2nd CASE

1.2K 11 0
                                    

Aspal halus membawa mobil berpenumpang satu keluarga, mendekati puri yang sekian lama dijaga Pak Khana. Ia menyambut bahagia mau menempati peninggalan mbah buyut. Setidaknya jarak rumah dengan sekolah Dito dan Filipus merenggang kurang lebih 2 km. Baginya tak masalah, masih satu jarak tak sejauh pergi ke pulau negeri orang asing atau mengadu nasib ke kota besar.

"Gimana kabarnya, Pak Khan?" sambut Pak Yohanes memberikan ucapan hangat padanya.

"Baik, Pak. mari saya bantu njinjing kopernya"

"Ya,Pak" Beruntung Filipus dibantunya. Selang beberapa menit, mobil pengangkut barang menghentikan diri ke puri. Sopir memberi aba-aba pada Dito yang sedang membersihkan ranting lapuk berserakan. Bergegas menghampiri Pak Sopir, mengangkat satu per satu meubel.

"Taruh sini saja,Pak. kursinya!" semangatnya. Bu Elkana menyulaki seraya membuka jendela. Debu sawang kian menempel di sela-sela jatuh ke tanah, bahkan terbang antara dalam rumah dan ada pula diterbangkan angin sepoi-sepoi.

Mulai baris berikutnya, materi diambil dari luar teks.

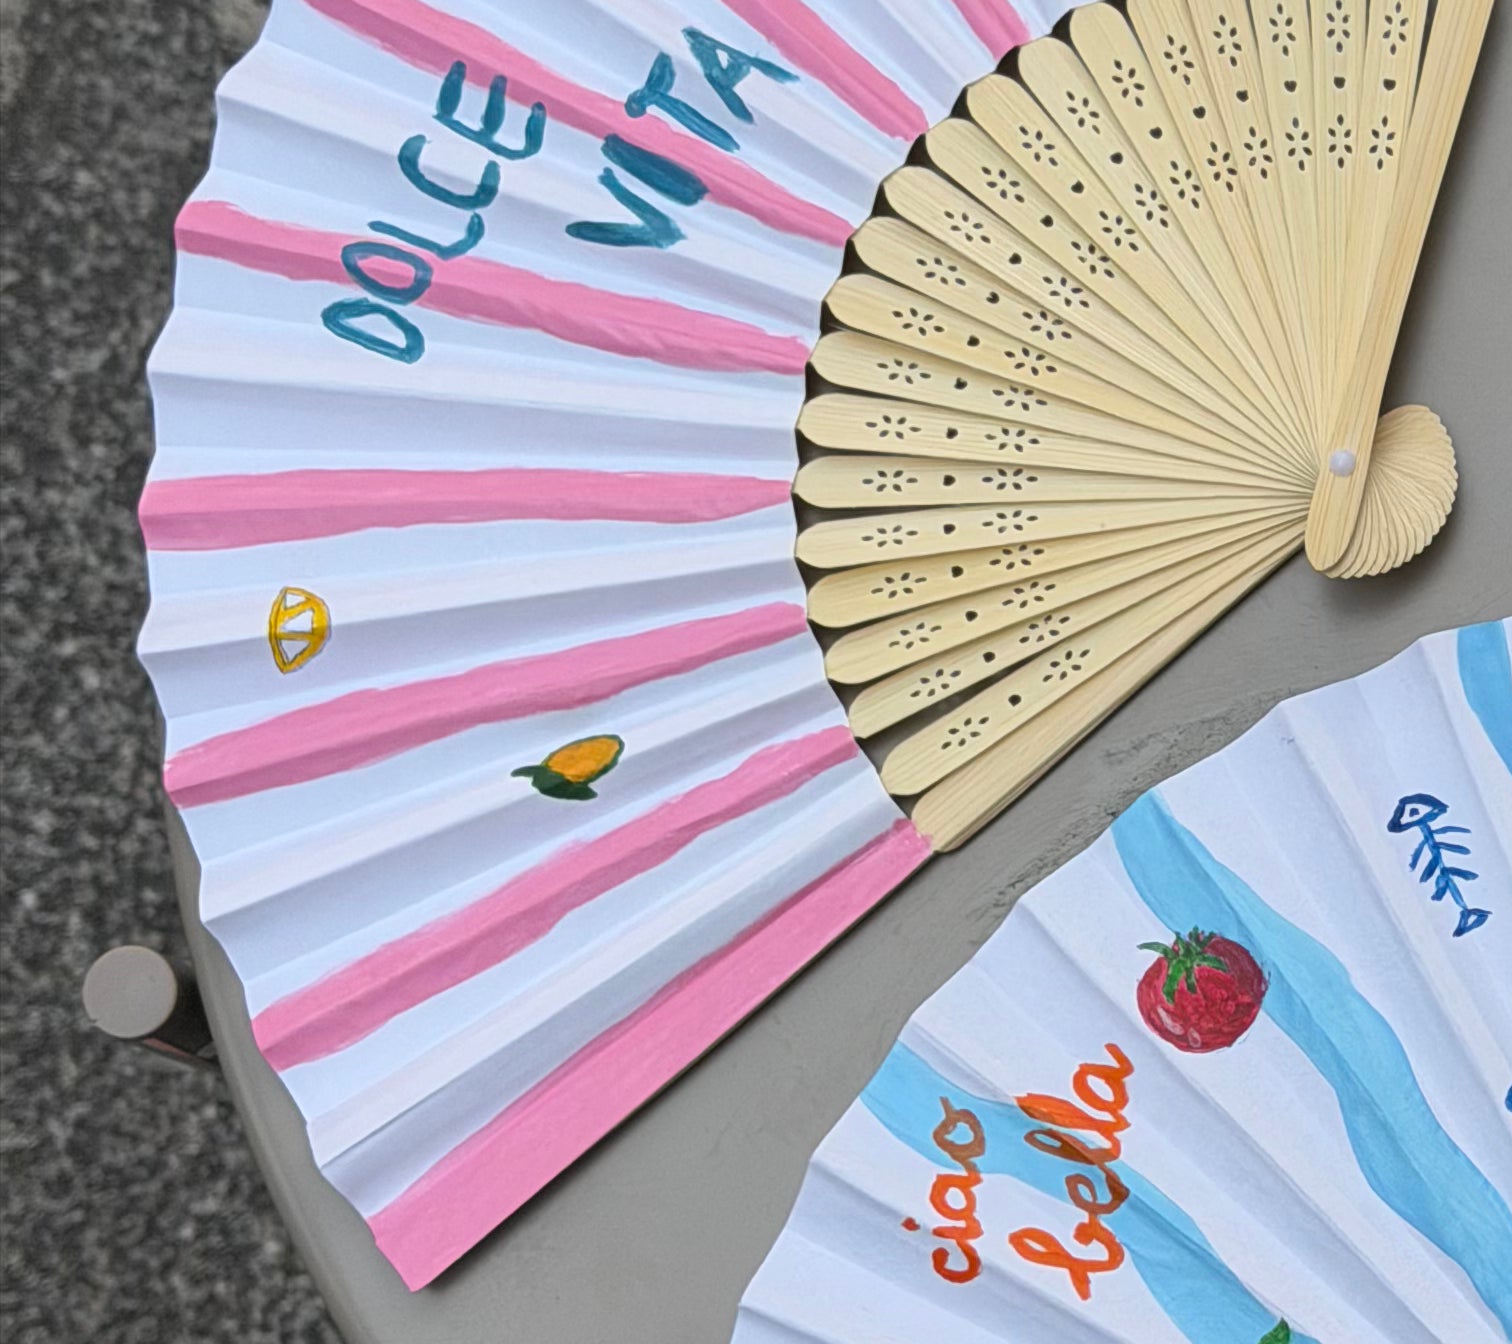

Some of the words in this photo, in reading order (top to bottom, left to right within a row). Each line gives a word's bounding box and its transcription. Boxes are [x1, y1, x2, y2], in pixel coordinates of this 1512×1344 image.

[321, 60, 547, 364] DOLCE
[565, 26, 801, 249] VITA
[901, 1096, 986, 1284] ciao
[1008, 1042, 1135, 1301] bella
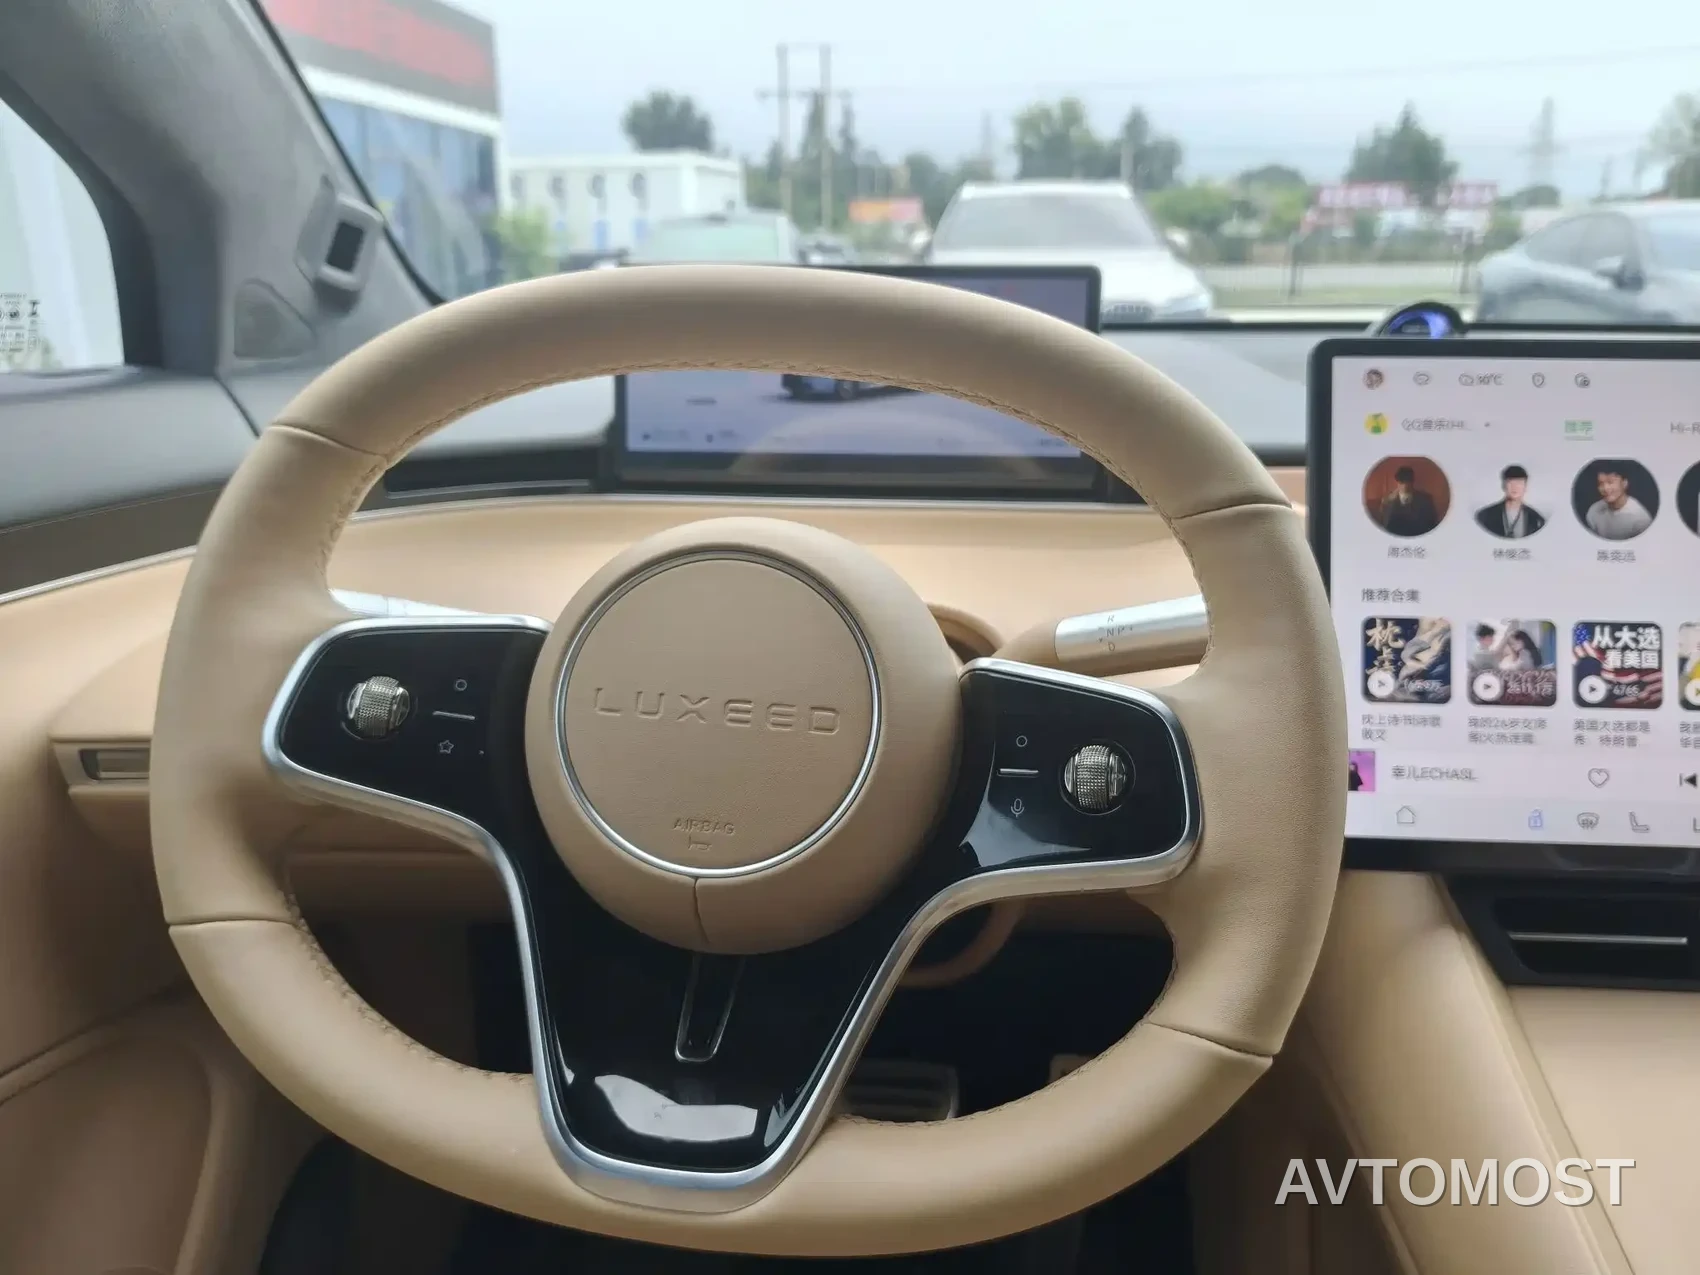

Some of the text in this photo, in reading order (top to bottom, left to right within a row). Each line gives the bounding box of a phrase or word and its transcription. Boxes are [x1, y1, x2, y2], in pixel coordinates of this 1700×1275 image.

[1361, 588, 1421, 602] 推荐合集
[1107, 641, 1116, 652] D
[1592, 625, 1660, 650] 从大选
[1604, 649, 1659, 669] 看美国
[594, 687, 841, 736] LUXEED
[672, 816, 736, 836] AIRBAG

Lamban laun waktu mulai menyingsing, semua berkumpul di meja makan melepas kecapekan seharian menata barang bawaan. Tak lupa Pak Yohanes mengucapkan terima kasih dan memberikan imbalan kepada Pak Khana maupun Pak Sopir yang sudah berlelah ria membantunya.

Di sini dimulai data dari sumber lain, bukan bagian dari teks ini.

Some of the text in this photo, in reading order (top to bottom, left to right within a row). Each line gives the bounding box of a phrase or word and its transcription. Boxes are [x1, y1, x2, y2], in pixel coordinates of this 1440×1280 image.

Ketenangan berujung tak kuasa menahan kepiluan...

Saat itu Filipus memanggil Dito keluar kehalaman.

"Mas, itu bakar-bakar atau gimana?"

Penampakan tak wajar mereka saksikan.

Entah bagaimana ceritanya, api melayang itu berkeliaran mengitari lahan kosong tak berpenghuni.

"Itu sepertinya makhluk astral, lip,"

Tak ada respon apapun, mereka menyaksikan pergerakan itu menghilang di pelupuk bebatuan. Jauh sekali dari pandangannya.

"Besok kalau nggak ada tugas, main kesitu yuk!"

"Jangan ngaco,deh. ntar kita ngganggu gimana?"

"Udah gak sah takut. kan sama-sama,Mas"

"Terserah deh"

"Ok fix, besok kita kesana"

---

Rabu, 12 Desember 2009

Terik siang matahari menyemangati Dito dan Filipus bermain badminton di lahan kosong, tanpa net dan sidelines. Services mereka terbilang payah, namun hanya kegembiraan meluapkan kebersamaan dalam permainan tersebut. Tiba-tiba shuttlecock mendarat di tanah dan sebuah bebatuan besar diantara pepohonan mahoni memalingkan indera matanya.

"Lip..."

Ia memberikan kode yang mereka cari-cari ditemukan.

Mereka berjalan lebih dekat...

Melangkahi...

Dekat secara langsung...

Tepat berdiri di sebelahnya, Filipus mengusapnya.

"Lihat ini tulisan aksara jawa" lirih Filipus.

Perlahan mengamati dan meneliti isi tulisan tersebut, mengejanya:

"Asung aji-aji dening dhedemit, adidaya nyambut kawula angkara murka. ipat-ipat amboja adana warih. Beluk-beluk, angsaro..angsaro..."

"maksudnya apa itu,mas?"

"Aku sendiri kurang paham, apa semacam sihir?"

Pelan-pelan, batu itu bergeser dengan sendirinya.

Gua itu seperti bunker, pengap, aroma tanah bercampur debu lengkap sekali.

"Bawa senter,Lip"

"Ini,mas"

Baru memijakkan kaki di depan ambang batu besar, senter tersebut mengganggu seseorang berada di dalamnya.

Tapi...

Abu api menghamtam...

Suara parau itu memperingatkan setegas-tegasnya mengatakan "Ngaliho...ngaliho... aja dolenan cublik"

Senter mati, mereka terdorong sepanjang 1 meter, terjatuhlah...

"Ayo... kita pulang,"

Dito menggenggam tangan Filipus, berlari sekencangnya menjauh dari lahan tersebut.